6. The Manchurian Candidate
- Original title: The Manchurian Candidate
- Year of original: 1962
- Reboot title: The Manchurian Candidate
- Year of reboot: 2004
In the new and improved Manchurian Candidate, Denzel pulls out one of the performances of his career that completely overshadows Frank Sinatra's half-hearted acting. Accompanied by Meryl Streep and Liev Schreiber, Washington gave the the intricate and complex novel the film adaptation it deserved.
7. The Fly
- Original title: The Fly
- Year of original: 1958
- Reboot title: The Fly
- Year of reboot: 1986
Much like Carpenter did with The Thing, Cronenberg took an old B-movie premise, lifted the hood and replaced everything with his own disgusting vision of fresh horror. The first half of the film seems to revel in it's B-movie origins with Jeff Golblum slipping into the whacky scientist role. Cronenberg eases the audience into a false sense of comfort by using stereotypes from old science fiction films. One you're relaxed in your seat, The Fly jumps into sixth gear and Goldlum's revolting transformation becomes the stuff of nightmares.
8. The Departed
Check out the trailer for Infernal Affairs below:
- Original title: Infernal Affairs
- Year of original: 2002
- Reboot title: The Departed
- Year of reboot: 2006
Infernal Affairs was a riveting police thriller with an intelligent story that sprinkled some life into a tired genre. The Chinese film caught Scorsese's eye and he used the ingenious premise to tell the story of gangsters in Boston. The remake went on to be one of Scorsese's modern masterpieces and gave audiences the best Jack Nicholson performance in decades as the evil Mob boss.
9. Some Like It Hot
- Original title: Fanfare D'amour
- Year of original: 1935
- Reboot title: Some Like it Hot
- Year of reboot: 1959
Most people won't know the obscure French film that inspired Some Like It Hot, mostly because the remake is still, to this day, ranked as one of the best comedies ever. Marilyn Monroe lights up the film with her incomparable grace and elegance that continues to leave audiences as entranced as Jack Lemon and Tony Curtis.

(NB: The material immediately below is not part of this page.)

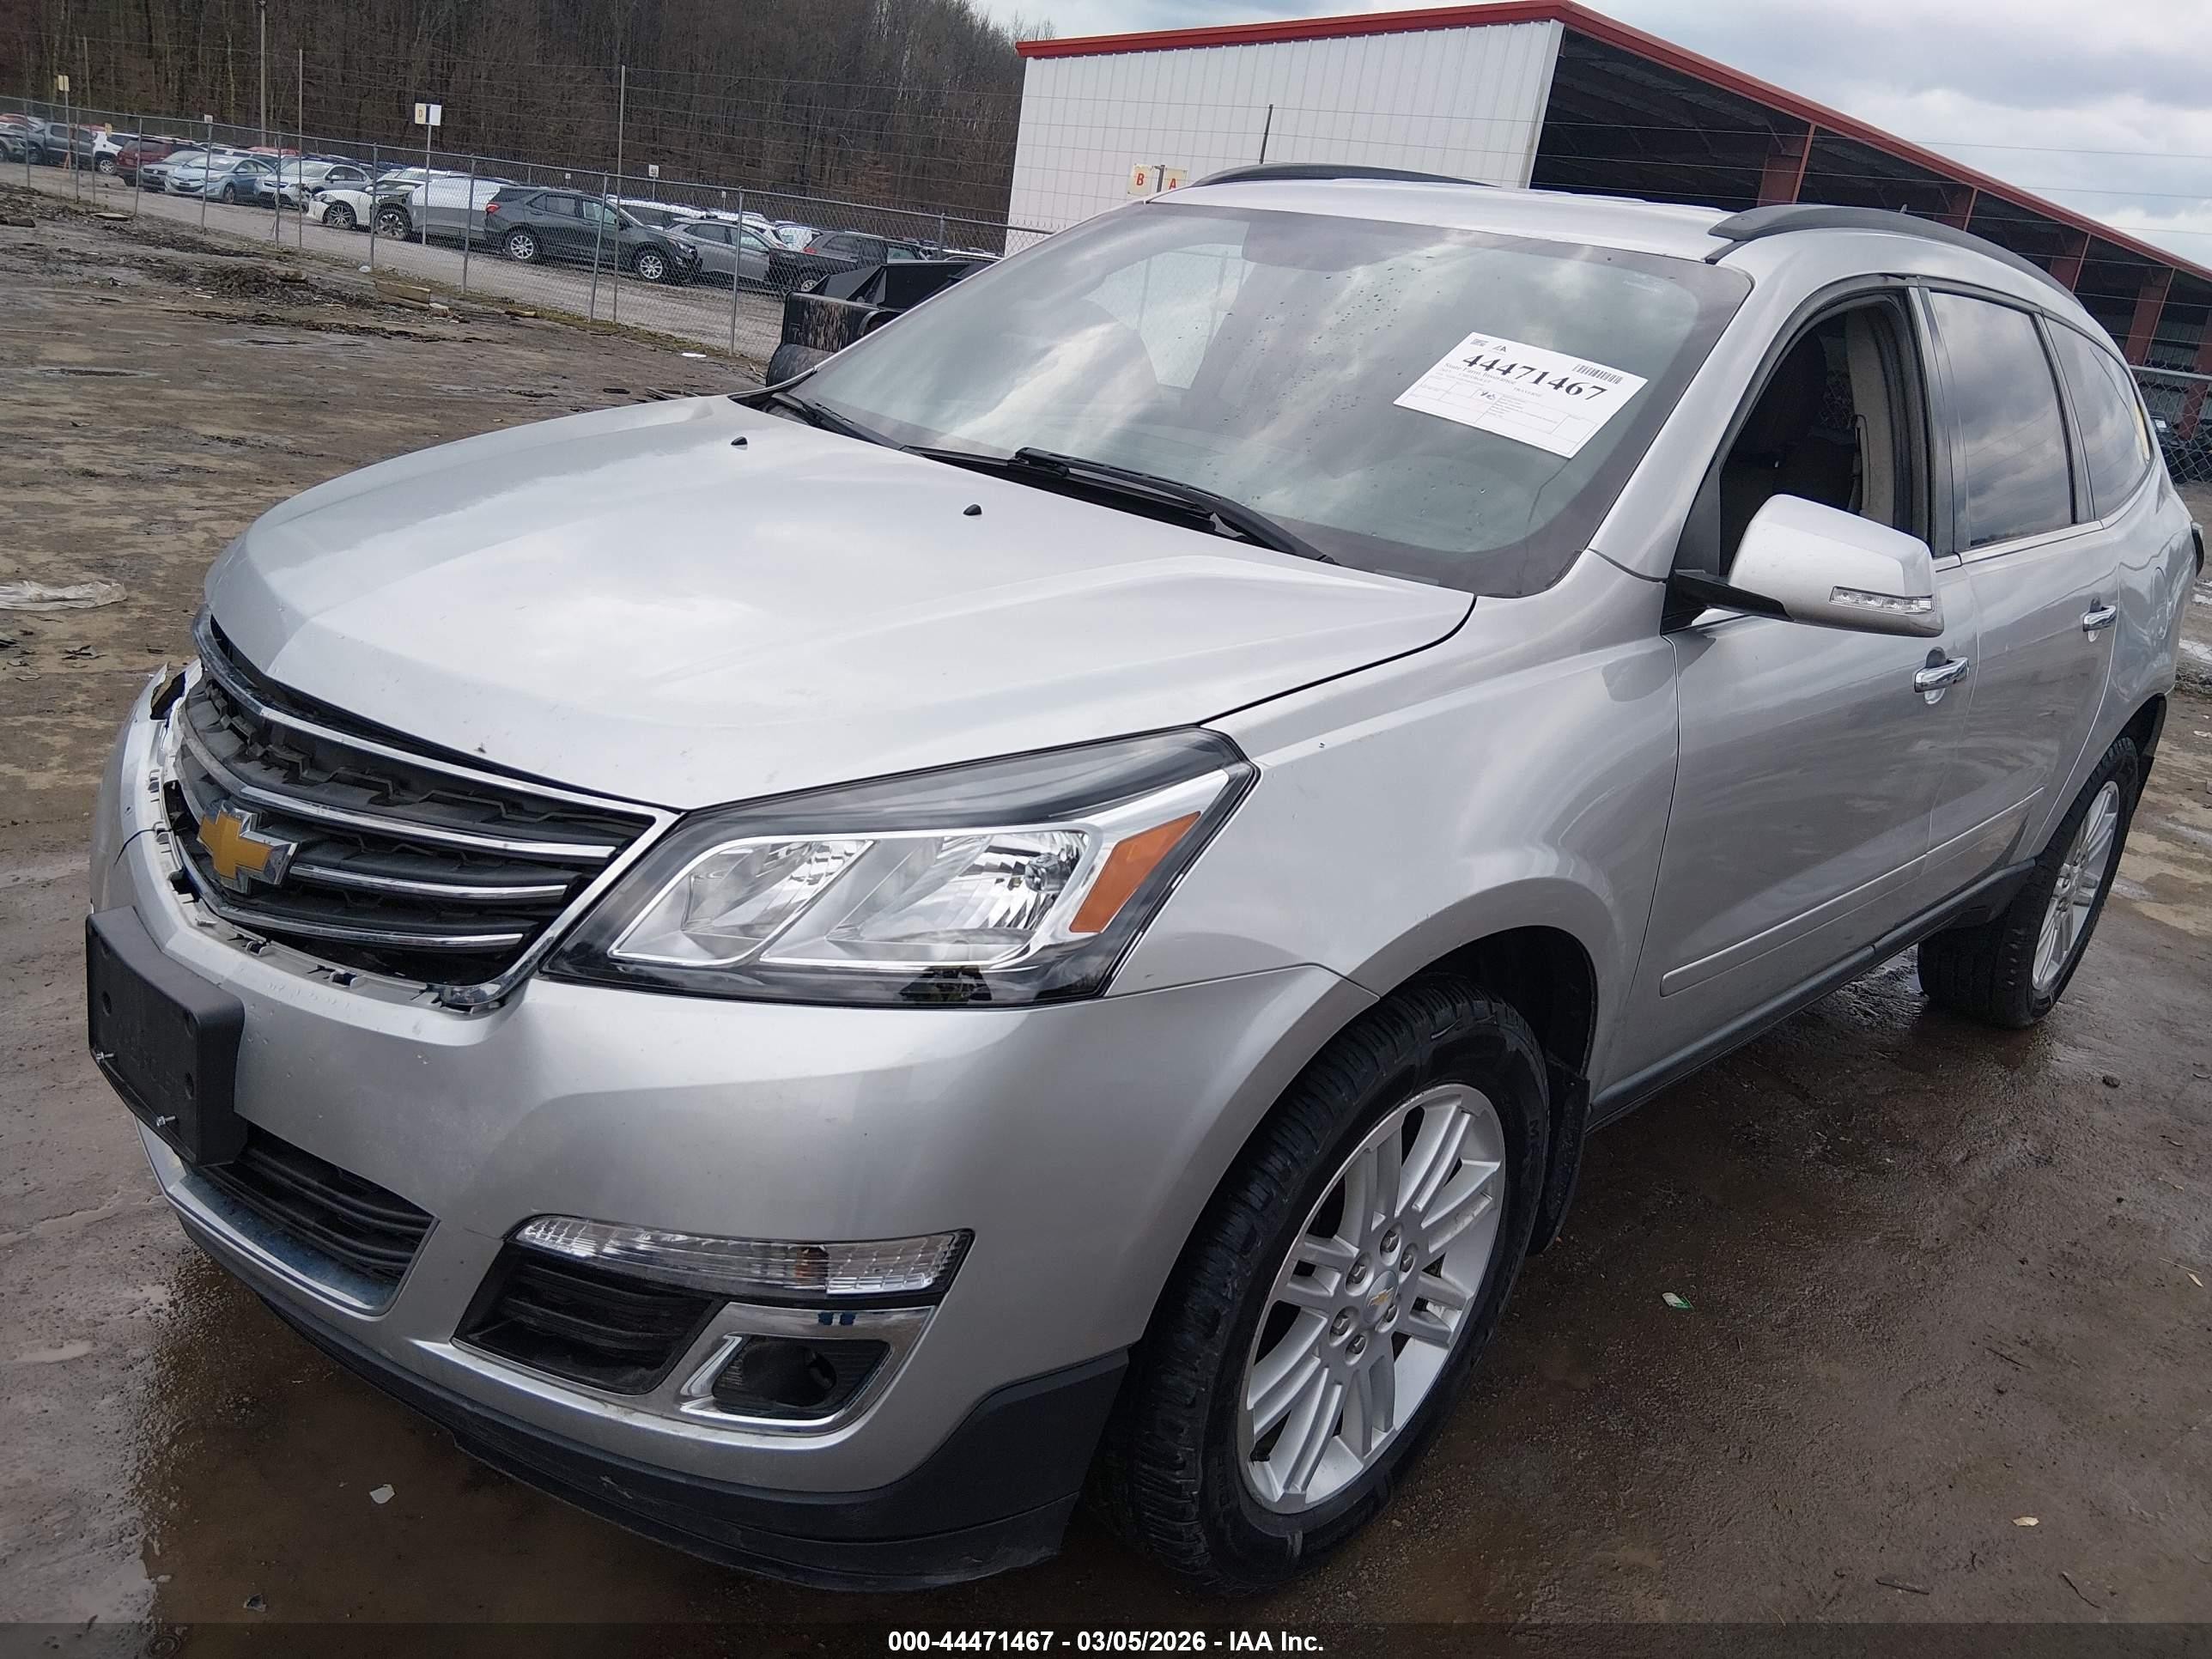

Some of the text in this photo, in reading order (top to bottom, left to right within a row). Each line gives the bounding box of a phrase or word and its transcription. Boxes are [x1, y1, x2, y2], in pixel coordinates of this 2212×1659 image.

- Original title: L.A Takedown
- Year of original: 1989
- Reboot title: Heat
- Year of reboot: 1995
L.A Takedown was Michael Mann's unsuccessful pilot about a gang of L.A bank robbers that suffered from oppressive intervention from NBC producers and sadly never made it to our TV screens. In 1995, he decided to dust off the script and remake the pilot into a film. This time he could work with the freedom that comes with being an established director. Even better, the addition of DeNiro and Pacino going head to head made for one of the most iconic showdowns in film history. Most directors don't get a second chance at remaking their own films but Michael Mann showed the world that everyone deserves a second chance.
What's your favorite reboot?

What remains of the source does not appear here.